J.D. Thorpe

For this reason, despite some personal reluctance – and perhaps to the chagrin of many of my fellow classical liberals – I attribute much of Obama’s victory to a key concept defined by Nobel Laureate economist F.A. Hayek as the fatal conceit.

In his final book, The Fatal Conceit: The Errors of Socialism, Hayek described this concept as one that assumes “man is able to shape the world around him according to his wishes.”

For those unfamiliar with him, Hayek, during his prolific academic career, sagely and perspicaciously provided the theoretic framework for and proclaimed the benefits of the free-market system, or what he often referred to as “the extended order of human cooperation.”
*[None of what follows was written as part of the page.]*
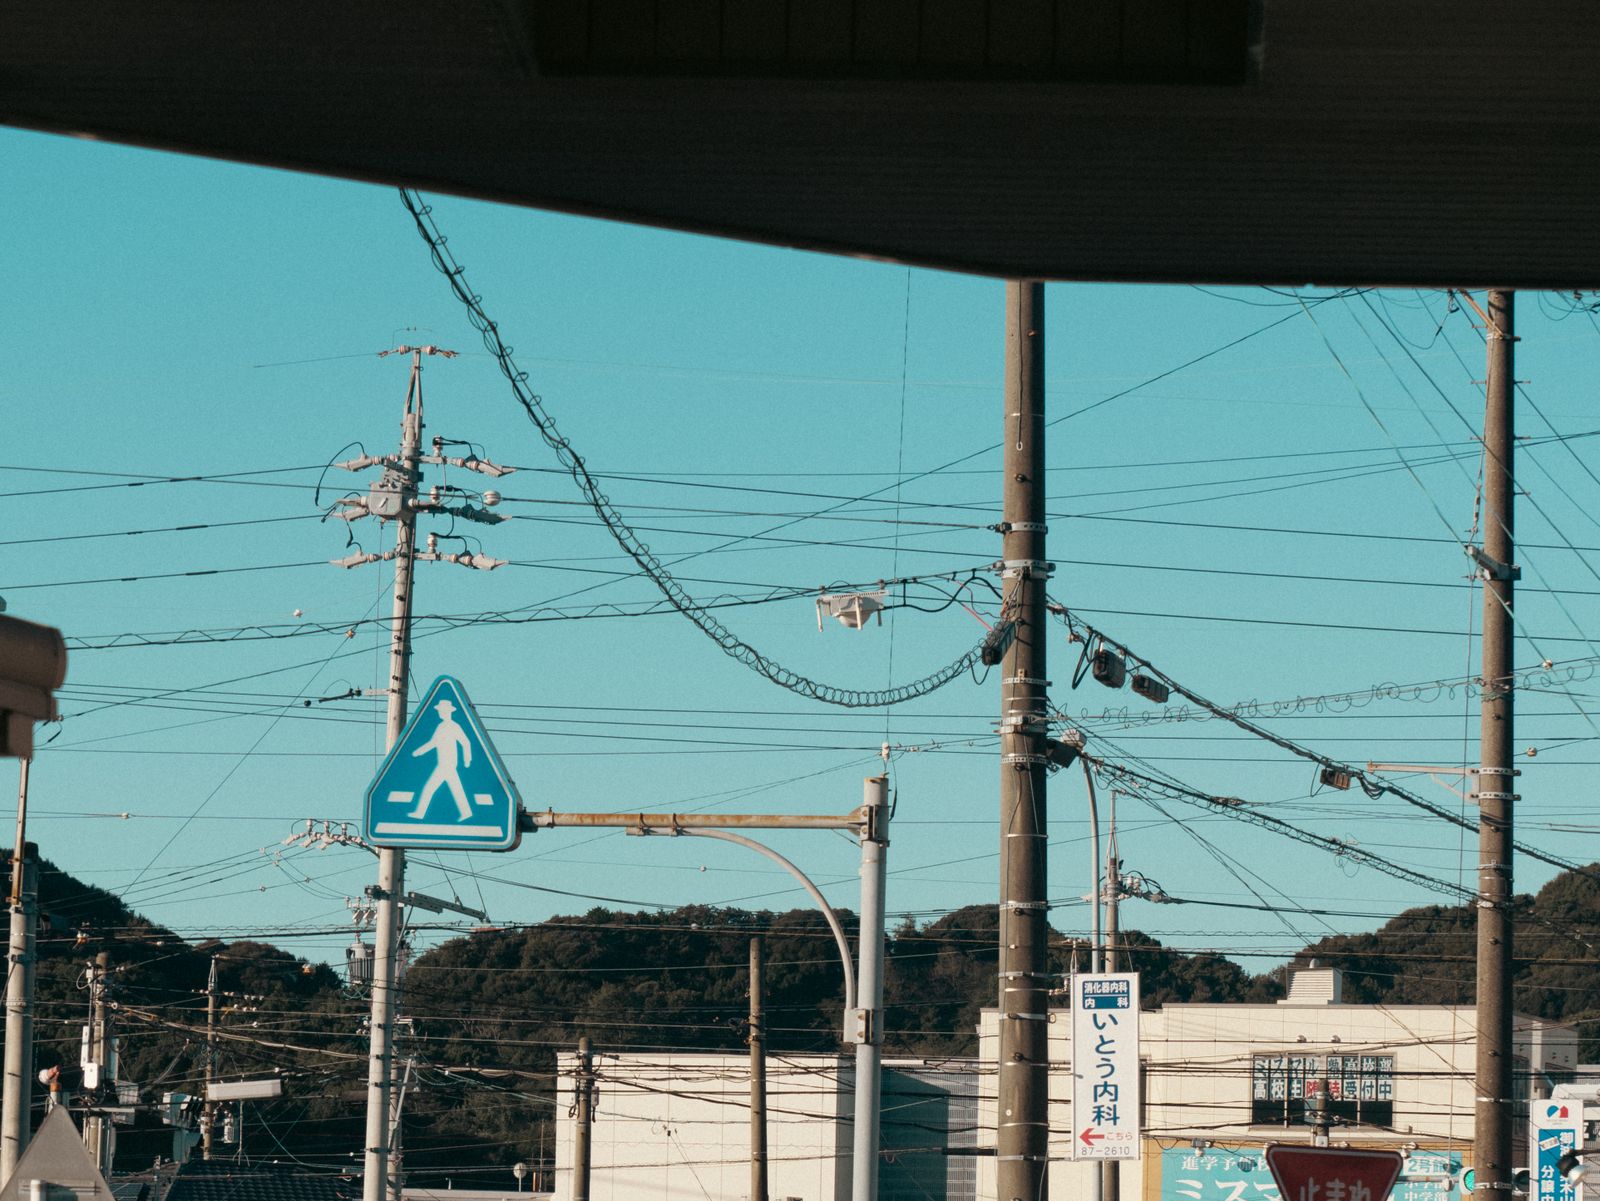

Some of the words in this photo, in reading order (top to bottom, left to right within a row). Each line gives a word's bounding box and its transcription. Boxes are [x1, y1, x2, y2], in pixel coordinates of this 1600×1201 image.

[1084, 982, 1128, 994] 消化器内科
[1085, 997, 1128, 1008] 内科
[1092, 1013, 1120, 1126] いとう内科
[1106, 1131, 1133, 1141] こちら
In commenting on socialism, Hayek said, “The dispute between the market order and socialism is no less than a matter of survival. To follow socialist morality would destroy much of present humankind and impoverish much of the rest.”

This is the future America has chosen.

Over the past century, socialists, Keynesians, progressives, and other big-government proponents have slowly cajoled Americans into adopting the collectivist mindset.

Sadly, because of perpetual bludgeoning via emotive, irrational arguments by liberals about the supposed immorality of the free market, too many Americans have been conditioned to accept more intrusive government control over their lives.

Today, a majority of Americans have conceded their liberty to the coercive power of the state. America, a nation conceived in liberty, has forfeited its natural rights and succumbed to an irresolvable finality, Hayek’s fatal conceit.